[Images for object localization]

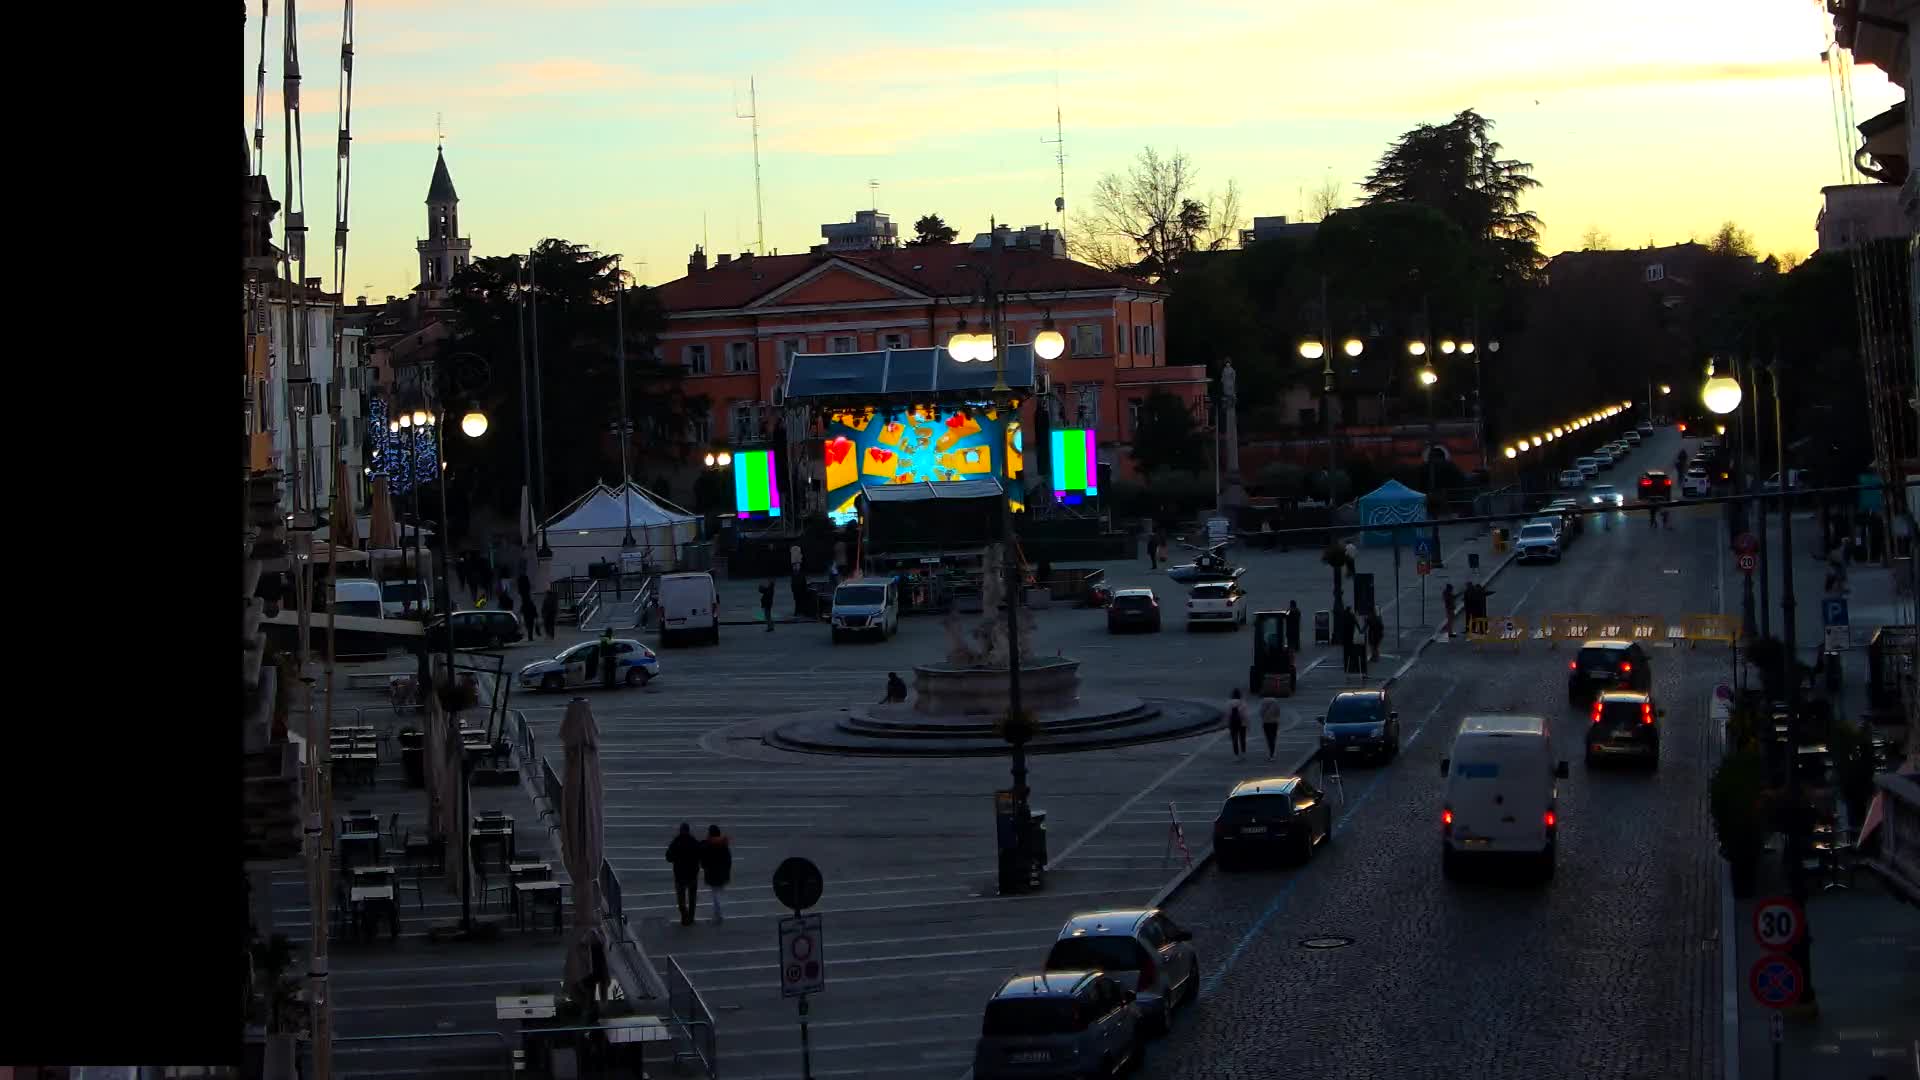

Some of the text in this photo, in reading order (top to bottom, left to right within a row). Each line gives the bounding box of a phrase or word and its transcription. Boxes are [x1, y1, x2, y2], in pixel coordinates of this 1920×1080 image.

[1743, 557, 1752, 567] 20
[1828, 602, 1841, 625] P
[1763, 911, 1791, 937] 30
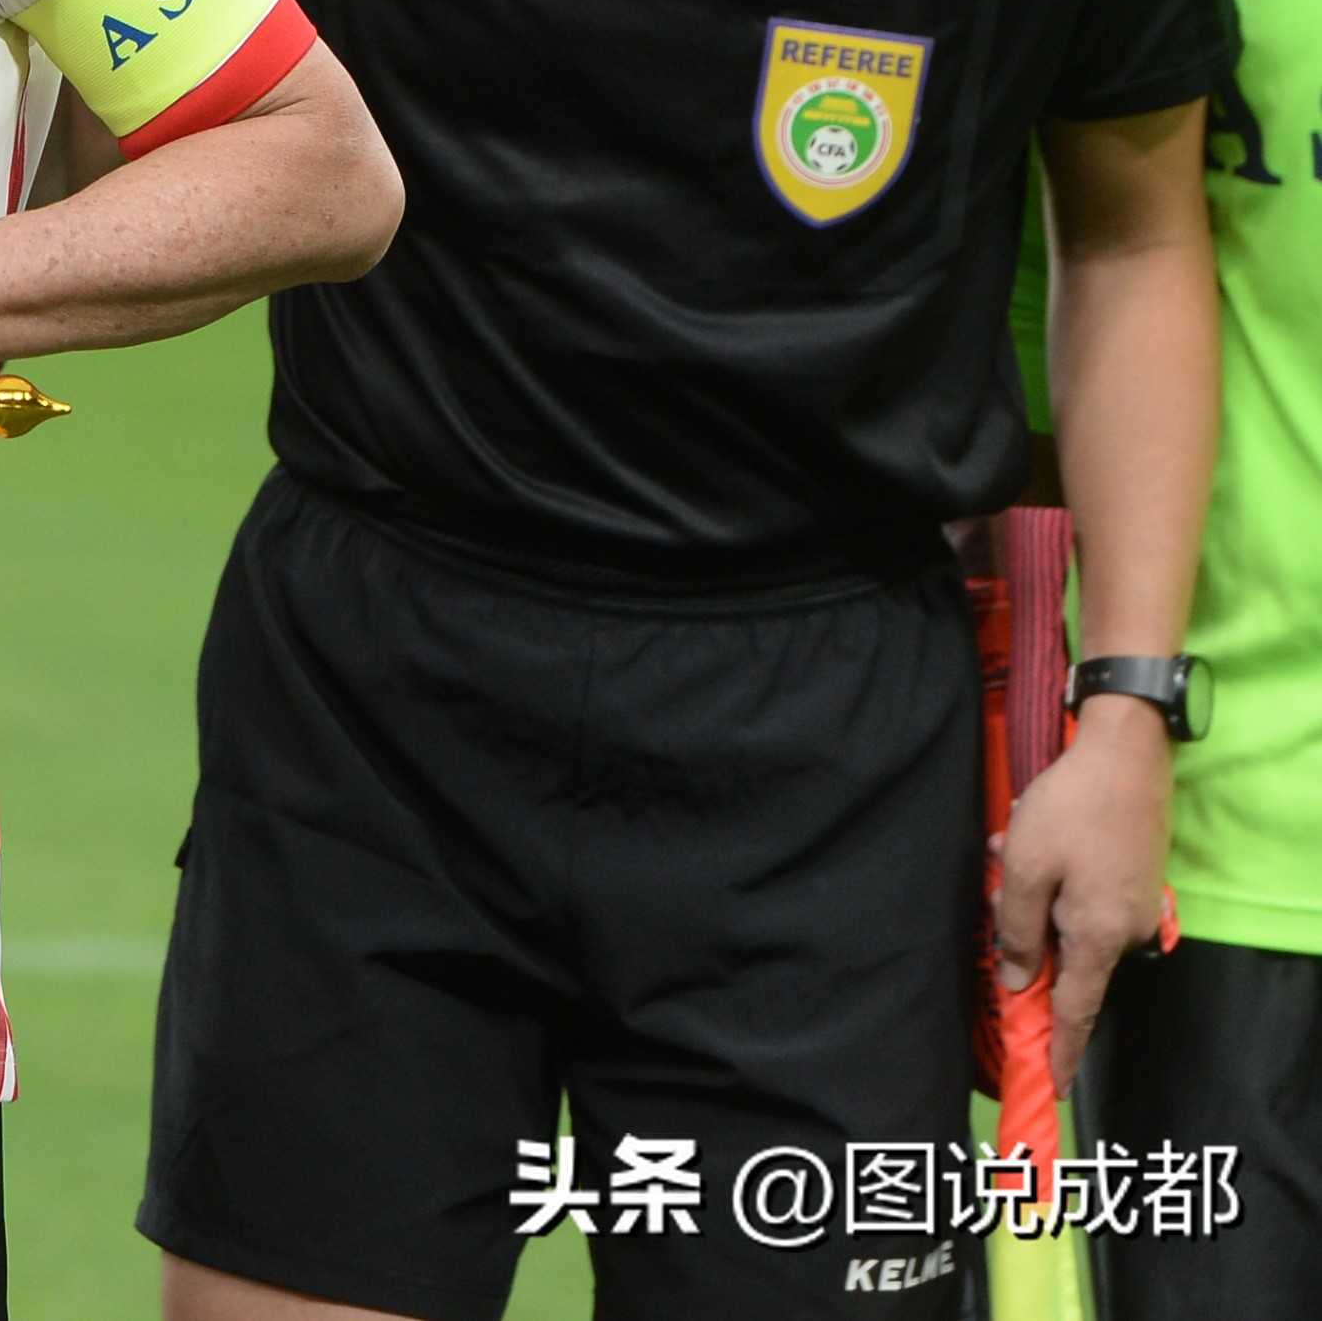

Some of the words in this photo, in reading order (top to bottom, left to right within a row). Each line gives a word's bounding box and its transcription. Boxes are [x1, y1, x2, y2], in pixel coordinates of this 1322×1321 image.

[780, 38, 915, 78] REFEREE
[816, 142, 847, 158] CFA
[844, 1239, 956, 1293] KELME

### WORK TO COMPLETE:
From the line that contains "Some of the words" down to the final line of the entries, print every line exactly as it is, and only those lines.

### EXPECTED OUTPUT:
Some of the words in this photo, in reading order (top to bottom, left to right within a row). Each line gives a word's bounding box and its transcription. Boxes are [x1, y1, x2, y2], in pixel coordinates of this 1322×1321 image.

[780, 38, 915, 78] REFEREE
[816, 142, 847, 158] CFA
[844, 1239, 956, 1293] KELME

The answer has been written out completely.